The meeting was initially scheduled to take place later in the week, but the imminent threat of a hurricane on the east coast of the United States means that the vice president will have to stand in for President Donald Trump on a forthcoming trip to Poland, as POTUS has opted to remain at home as a gesture of solidarity, during what could become a natural disaster.
Although Pence’s arrival in Dublin was not met with as much resistance as Trump’s was back in July, a committed and varied crowd amassed outside the Dail Eirann, a key parliamentary building, for what was dubbed “Disco at the Dail”, where they proceeded to light up the street with anti-Trump administration banners, taking aim at what they perceived to be the negative influence emanating globally from the White House.
One of the organisers of the event explained why many Dublin locals felt it necessary to come out in opposition to Pence’s visit.
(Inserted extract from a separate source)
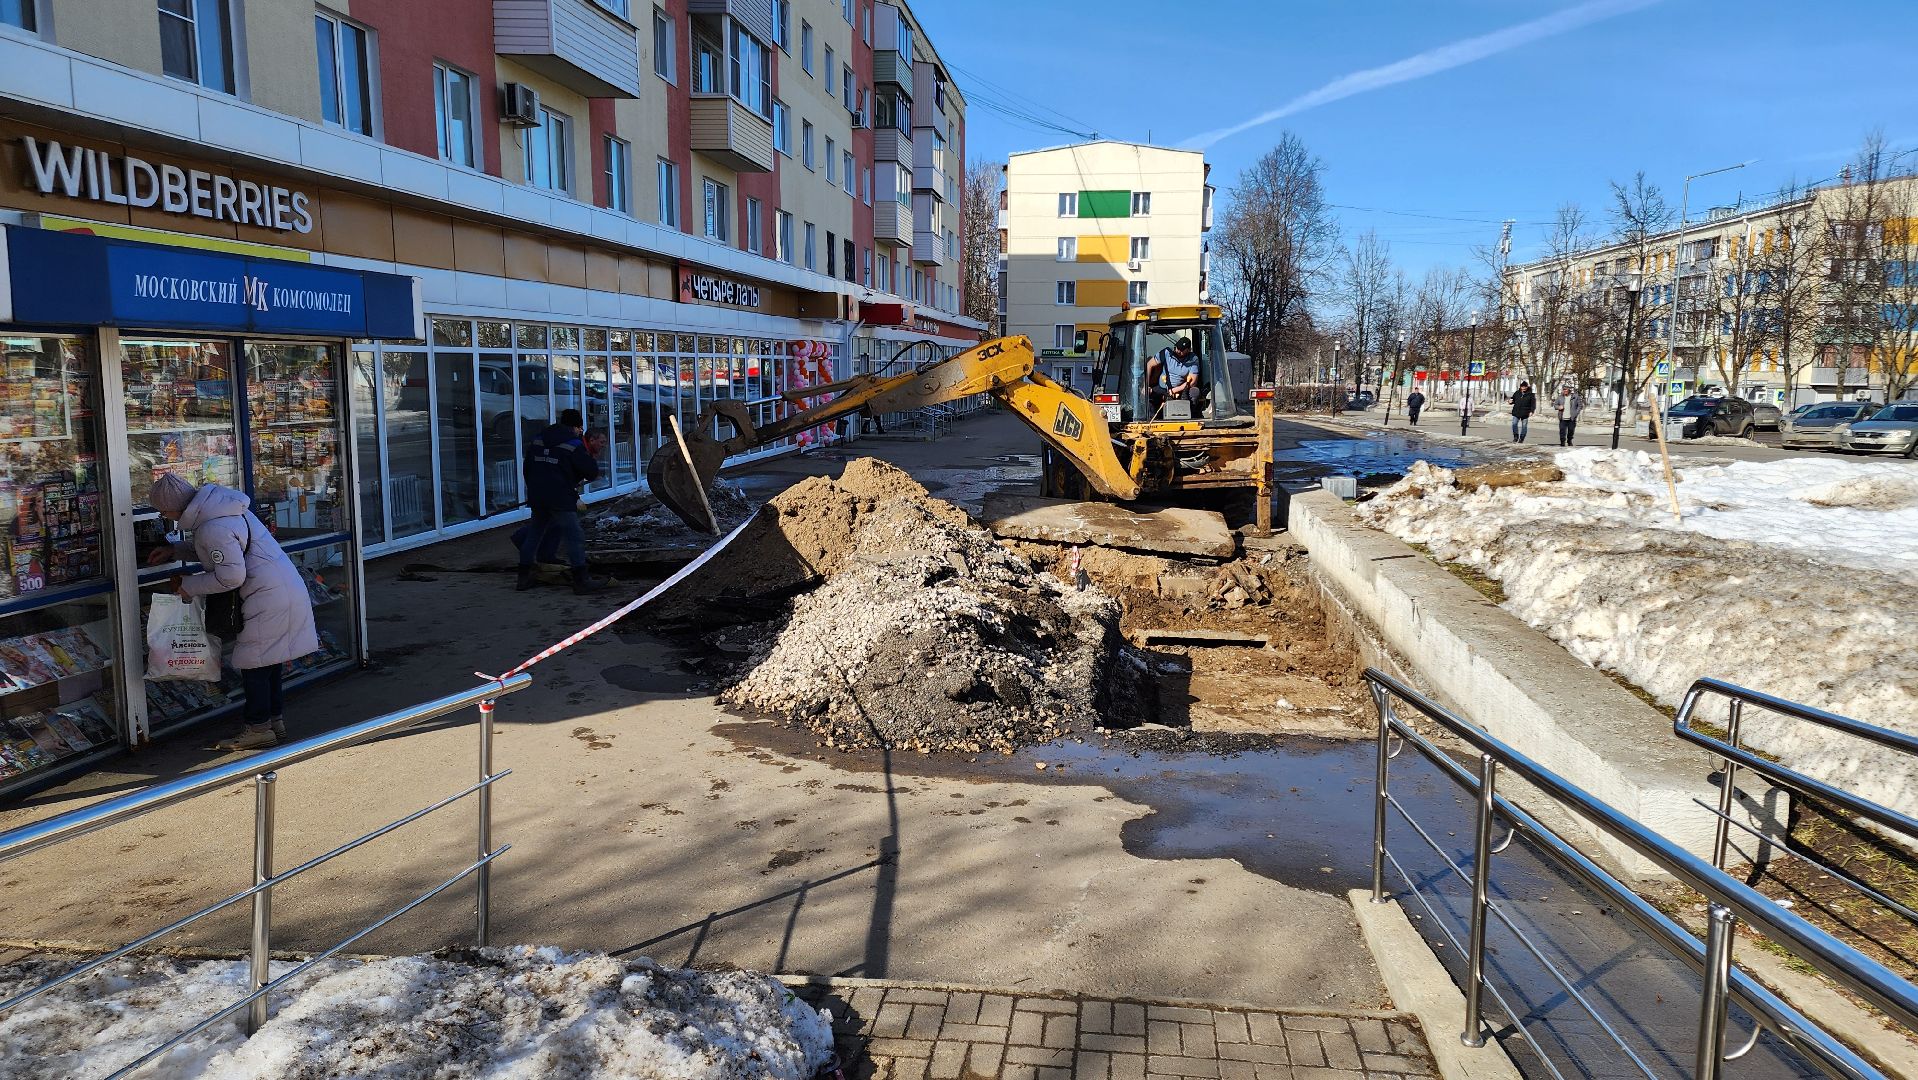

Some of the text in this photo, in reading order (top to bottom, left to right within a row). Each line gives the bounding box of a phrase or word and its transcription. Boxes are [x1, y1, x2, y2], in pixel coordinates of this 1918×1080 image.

“I wouldn’t call it a protest, I’d call it a celebration of diversity and inclusion that we want in Ireland, and that I want to represent, such as migrants, the LGBT community, these are all things that Trump and Pence are against, so we want to have kind of a joyous atmosphere, have a dance and celebrate the diversity of human beings in the world”.
Irish Taoesaich Varadkar has himself faced criticism for being welcoming to both Trump and Pence.
The disco’s organiser once again chimed in on the situation and revealed her feelings towards the diplomatic decisions made by Ireland’s head honcho.
“He is in a difficult position diplomatically, and is trying to keep good relations between the two countries, but having said that; I’d like him to stand up and have more outspoken stances and reactions to some of their policies”.
With camp hit after camp hit being belted out, and anti-Trump slogans draped across their shoulders, the protestors, despite being relatively low in numbers, certainly made their presence felt - but not everybody was so thrilled with their message.
A passer-by commented: “I think that a welcome would be more appropriate, and I think that everybody should be looking for closer ties with each other regardless of where we are all from and closer ties, harmony and unity is what it’s all about”.
“I don’t think that shunning anybody from our small little limestone rock in the middle of the North Atlantic Ocean is going to help us at all in any way”.
Just like Trump and Pence, it seems that the protesters ironically cut a divisive figure amongst the Irish public. But although their message may be questioned by people of a more conservative persuasion, there is no denying that they certainly could boogie.